CRITERIA 10.2 – Identifying Performance Needs

“While performance review considers the whole body of work, effective coaching requires looking specifically at the task or assignment in question.”

 

  • First, the manager needs to break the employee’s performance down into specific tasks – effective coaching requires this step. Once the performance issue is identified in task-specific terms, the second critical step in effective coaching is diagnosing the employee’s performance level. An employee’s performance level can be broken down into:

– Results: Performance results as they relate to acceptable standards for anyone in that specific job function. Are the employee’s performance results well below standard, below standard, at or slightly above standard, or consistently well above standard?

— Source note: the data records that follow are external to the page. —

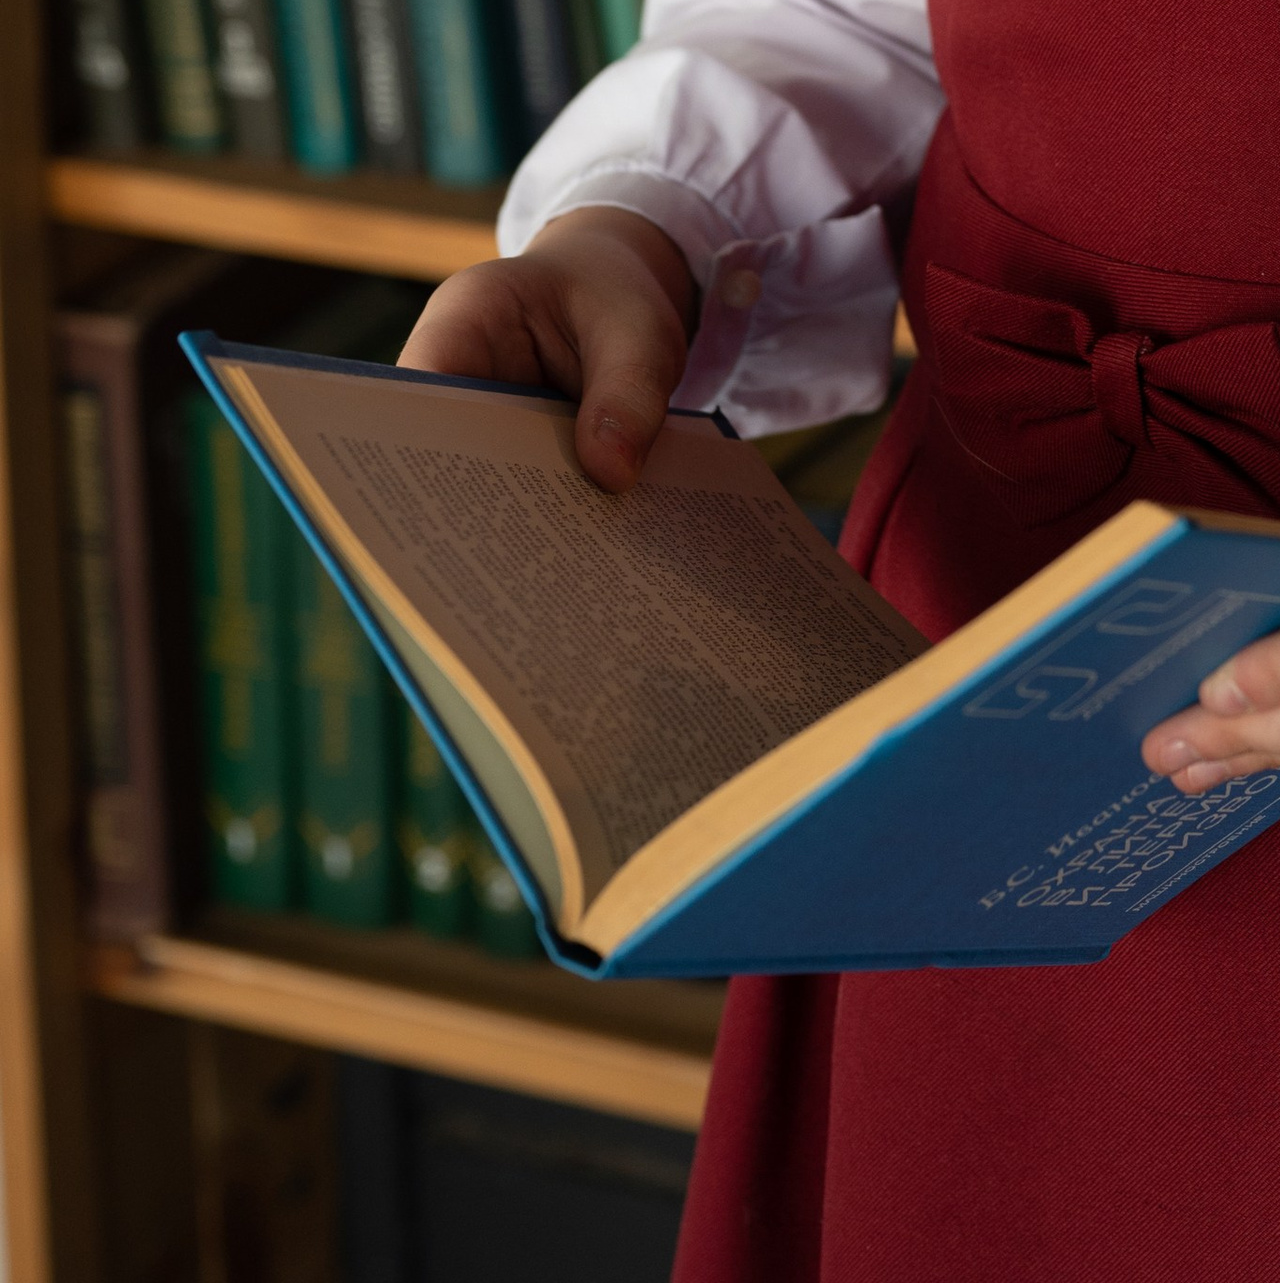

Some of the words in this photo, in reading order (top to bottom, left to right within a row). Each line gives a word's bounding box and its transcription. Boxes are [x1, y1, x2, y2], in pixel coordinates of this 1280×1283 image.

[1016, 795, 1178, 908] ОХРАНА
[1066, 886, 1106, 907] И
[1107, 774, 1252, 875] ТЕРМИ
[1131, 814, 1267, 913] МАШИНОСТРОЕНИЕ
[1041, 887, 1075, 907] В

– Ability: Does the employee have the skill to accomplish the task at the acceptable standard? Could he or she do it if they had to? Often supervisors will confuse enthusiasm, potential or capability with ability. Ability refers to current performance – not the ability to learn to perform. If the performance issue is a true ability problem, then anything other than training will not suffice – and even cause more difficulties.

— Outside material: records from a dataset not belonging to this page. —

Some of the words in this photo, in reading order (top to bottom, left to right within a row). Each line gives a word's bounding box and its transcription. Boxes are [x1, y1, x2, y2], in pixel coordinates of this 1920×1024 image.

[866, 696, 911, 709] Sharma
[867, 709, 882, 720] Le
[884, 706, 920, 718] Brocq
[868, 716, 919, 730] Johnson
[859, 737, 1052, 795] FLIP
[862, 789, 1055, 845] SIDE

 – Attitude: The combination of the employee’s confidence (to learn and/or work independently) that they can accomplish the required performance and the employee’s commitment (desire) to accomplish the required performance.

For a manager, an employee suffering from a lack of confidence and one who is just not committed to the job can look the same: they can both lack initiative, seem hesitate, and wait to be told what to do. Yet, determining the difference between confidence and commitment issues is critical in determining the right coaching style.